▸ **What is required**: Extract every record, exactly as written, and ignore the pictures.

Images for object localization:

____________

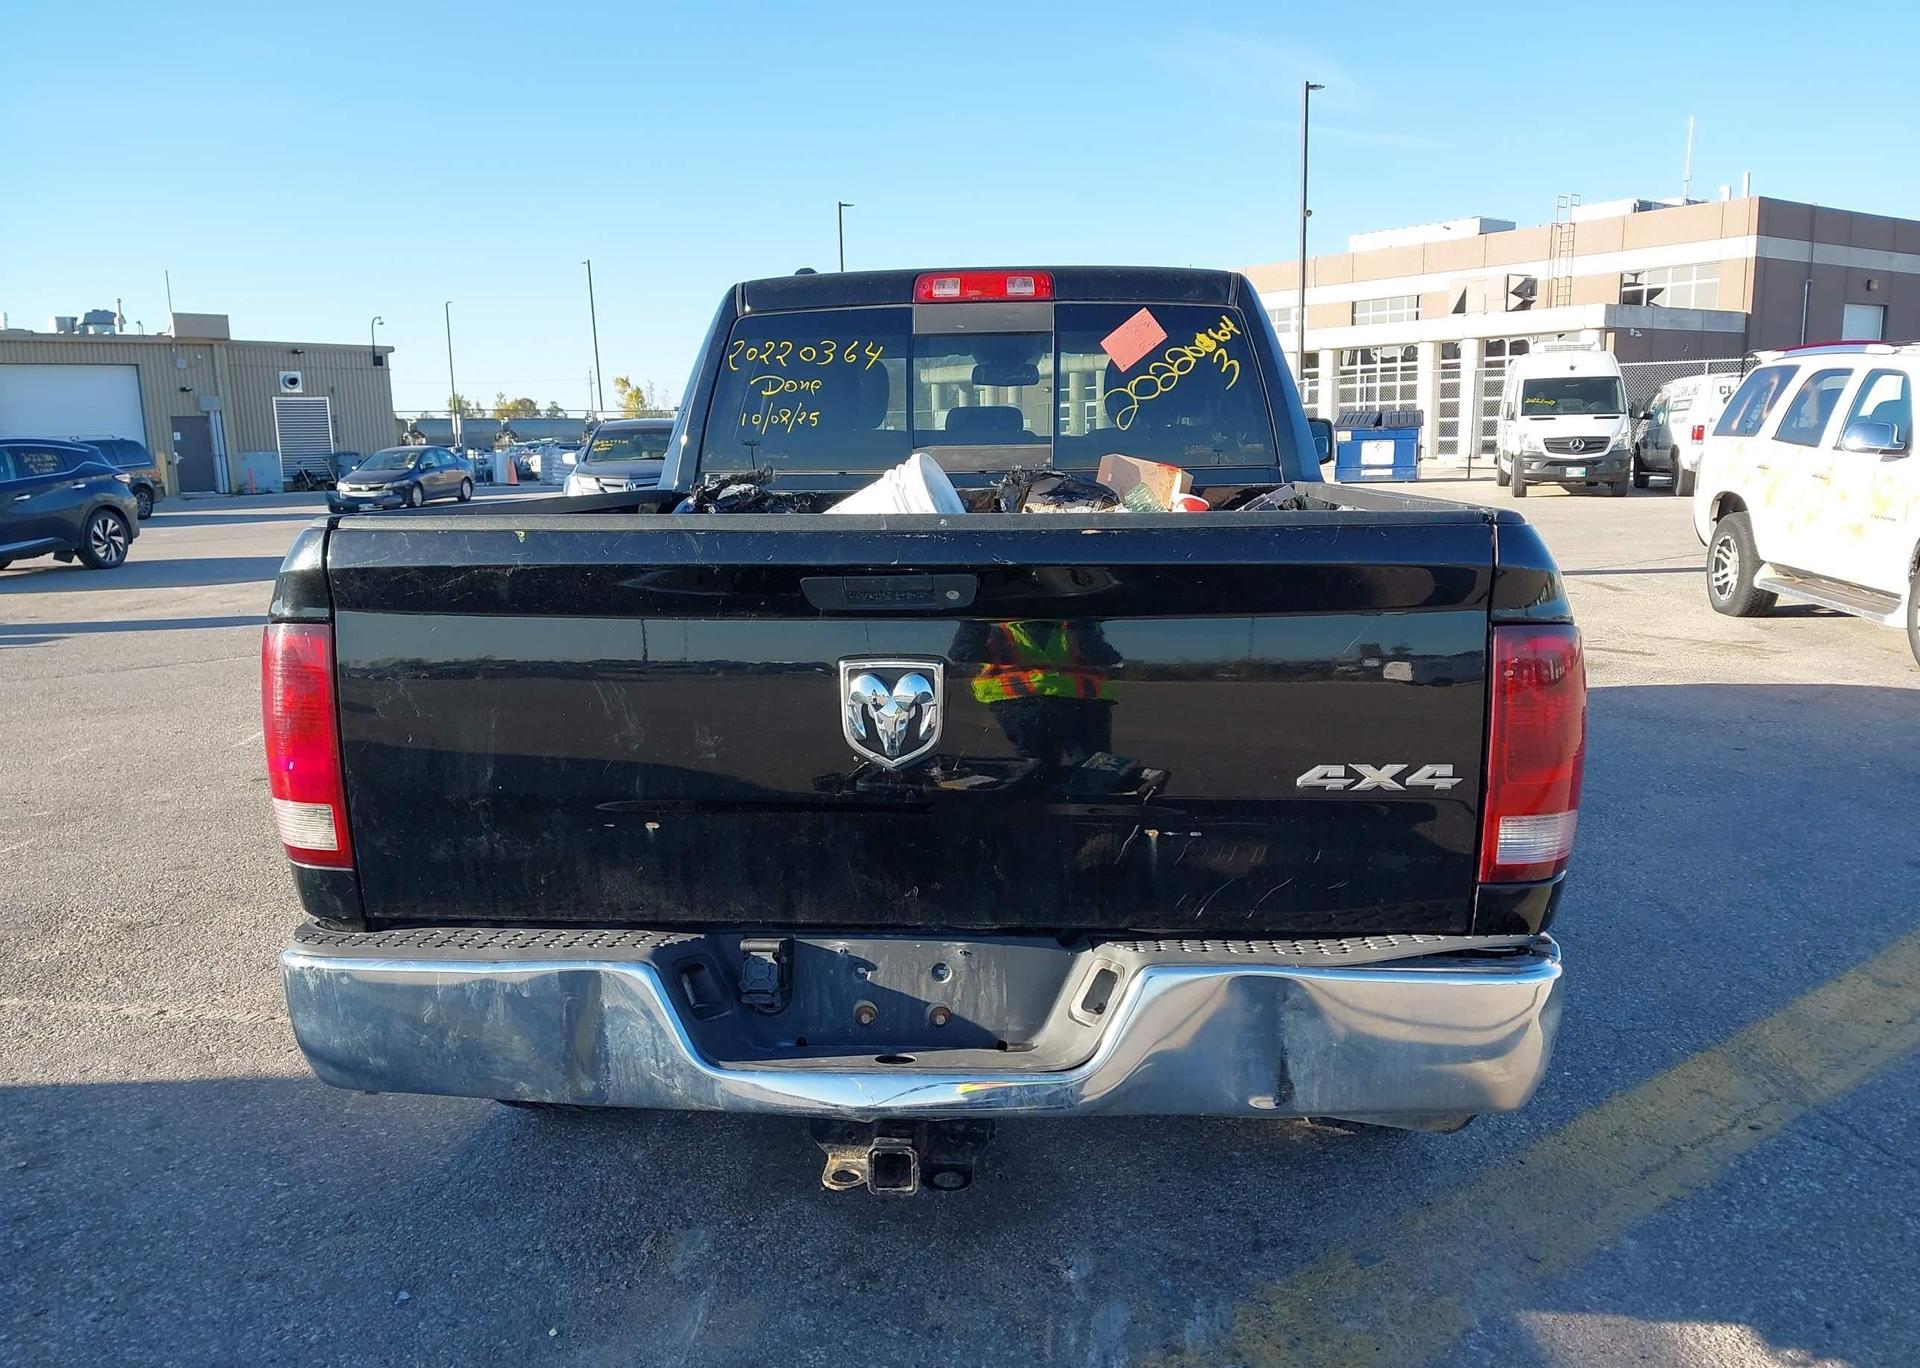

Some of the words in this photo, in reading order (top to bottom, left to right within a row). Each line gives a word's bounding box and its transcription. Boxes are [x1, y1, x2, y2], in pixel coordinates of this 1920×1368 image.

[728, 340, 884, 371] 20220364
[750, 375, 822, 396] Done
[741, 402, 820, 435] 10/08/25
[1296, 763, 1464, 791] 4X4

____________

▸ **Written answer**:
Some of the words in this photo, in reading order (top to bottom, left to right within a row). Each line gives a word's bounding box and its transcription. Boxes are [x1, y1, x2, y2], in pixel coordinates of this 1920×1368 image.

[728, 340, 884, 371] 20220364
[750, 375, 822, 396] Done
[741, 402, 820, 435] 10/08/25
[1296, 763, 1464, 791] 4X4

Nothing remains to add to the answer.